Come Sunday - The story of Carlton Pearson

I recently was caught up in a story featured on the radio show This American Life, it's the story of the former pentacostal preacher Cartlon Pearson and how he begins to question the doctrine of eternal damnation and suffering in hell - a doctrine he had been preaching to huge congregations for over 25 years.  Come Sunday - a new movie was just released on Netflix that tells the story of his courageous journey and the repercussions that followed. 

Speaking as one who served my LDS mission in the bible-belt of the southern U.S. (Florida & Georgia), this movie took me right back to my time working there. 

It's well worth watching, and I was particularly struck by how Bishop Pearson approaches the important questions of salvation. The radio interview makes clear that he had already been struggling with certain aspects of the bible, it's history and contradictions, when he had a defining experience. One day while sitting with his 9-month old child watching news footage of starving children and the food crisis in Africa during the 1980's, he wondered how it was that God could be a just God, and send these millions of "unsaved" people to hell.  

If hell is a place where the wicked are tortured and burning for all eternity, how is God just or loving if He would send people there who have never had even the opportunity to accept Christ? These children who died of starvation or war, these people living in villages, and people like them all around the world - Hindu's, Muslims, Buddhist, and so many others.. good people, kind people, they go to hell? Millions have lived and died having never even heard of Christ or his message.  

He has an inner dialog with God that goes something like this: 

"How God, how can you justify pulling all these people to hell?" 

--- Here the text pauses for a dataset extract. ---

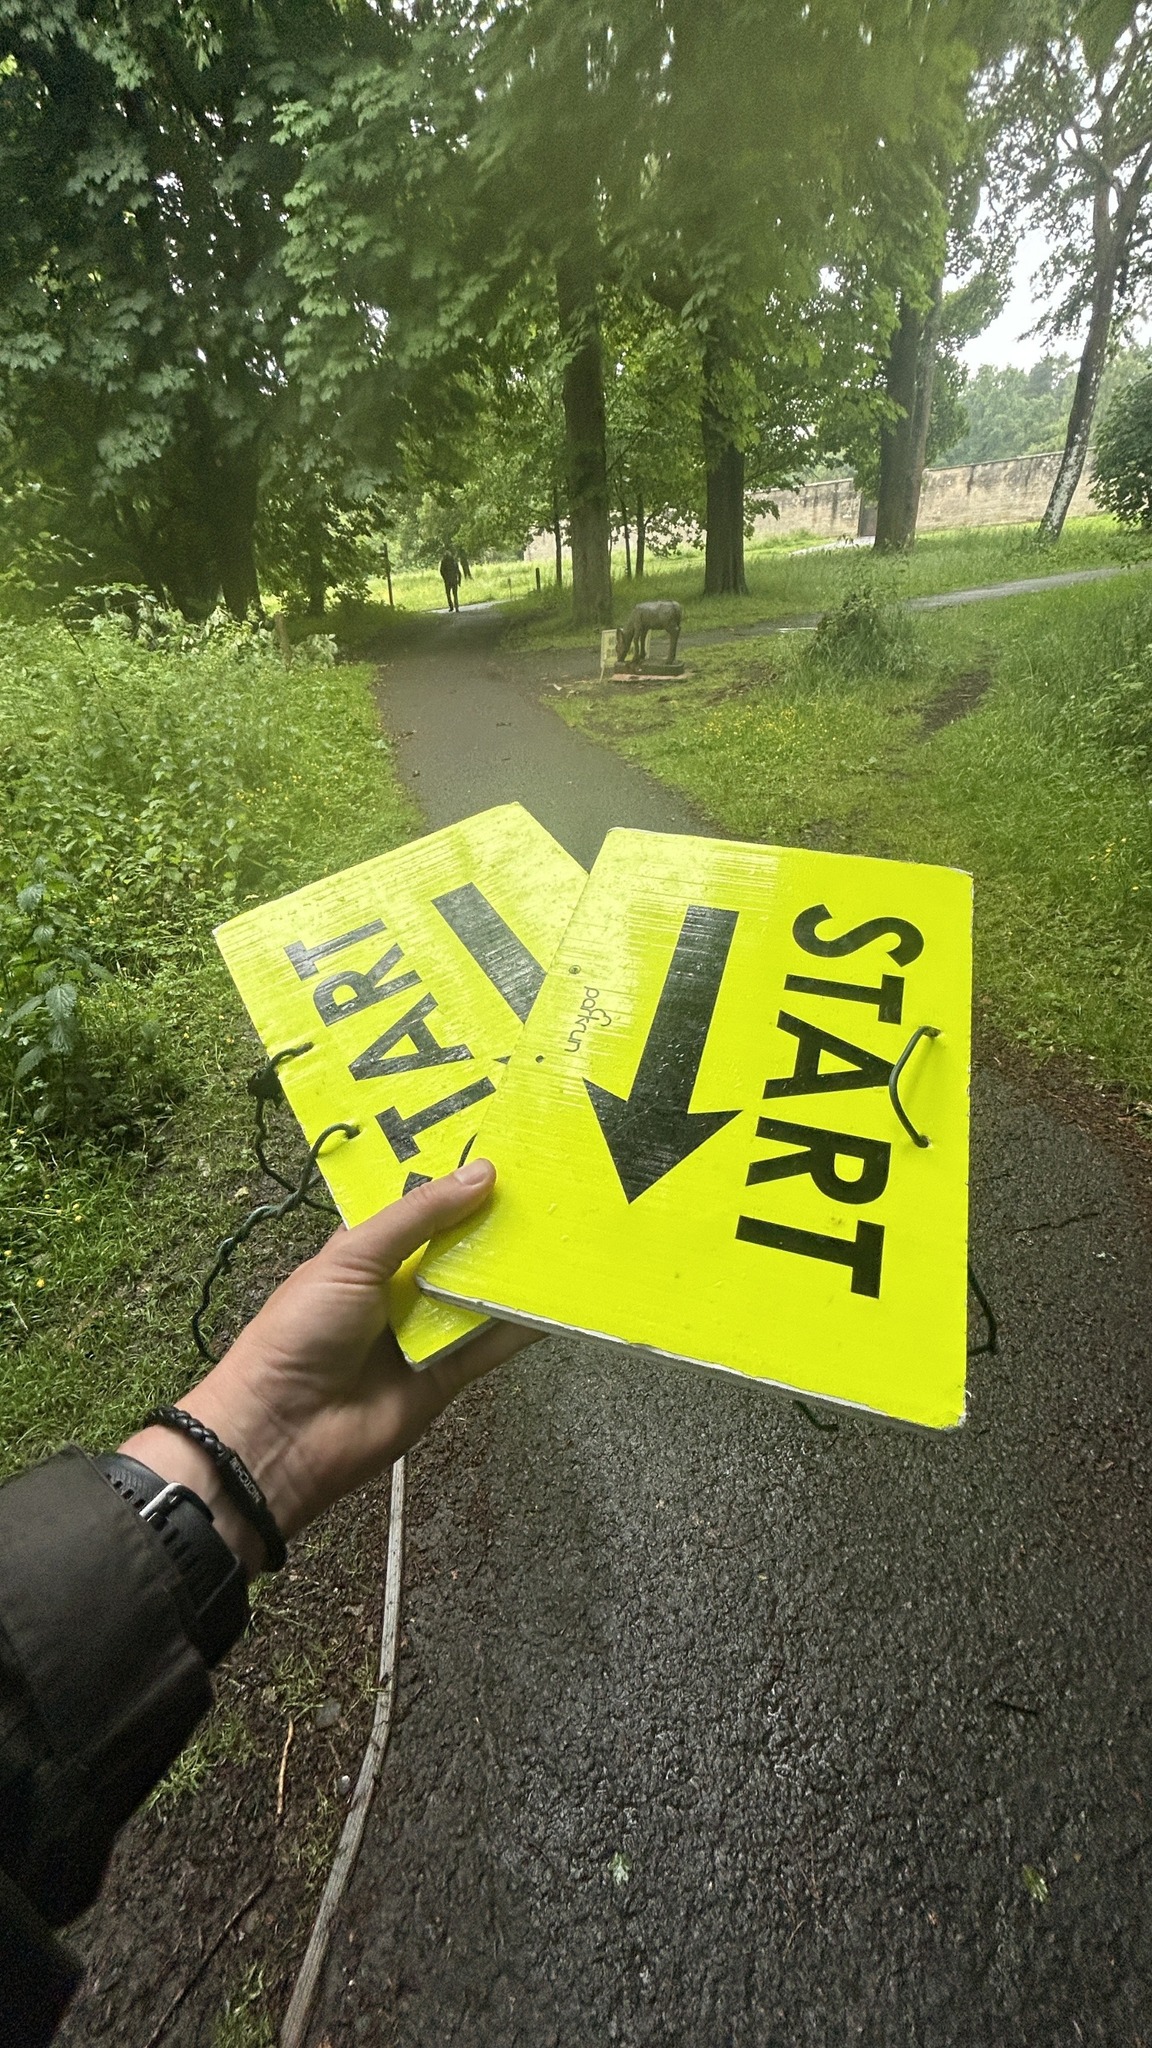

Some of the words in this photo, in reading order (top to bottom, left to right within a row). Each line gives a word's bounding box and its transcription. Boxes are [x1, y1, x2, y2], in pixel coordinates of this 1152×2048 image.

[283, 918, 497, 1198] TART
[563, 985, 607, 1053] parkrun
[734, 903, 925, 1300] START

He hears God's voice in his mind respond, "That's what you think I'm doing? Pulling people down to hell?"

"That's what I've been taught, yes. They haven't been saved."

"If that's what you believe then put your baby down and take the next flight to Africa and go save them". 

"But God, that's impossible, I can't take save the whole world".  

"That's right, you can't save the world - I've already done that. These children are recieved up to be with me. They don't need to be saved."

This idea strikes such a chord in me as a Latter-day Saint.  It is really this exact question that is answered by our doctrine and practice of work for the dead.  I wish I could have met Bishop Pearson at this critical moment when he was struggling with these questions, to show him scriptures in the bible like 1 Cor 15:29, or 1 Peter 4:6, which hint at the work of baptism for the dead and how the gospel is preached and received by those who die without a knowledge of Christ.  I wish I could explain to him what God revealed on this subject to the young prophet Joseph Smith, and other modern prophets, about how the gospel is taught in the world of spirits, and how everyone will eventually have the knowledge and ability to choose to repent and accept Christ, and to accept baptism done vicariously by the living. 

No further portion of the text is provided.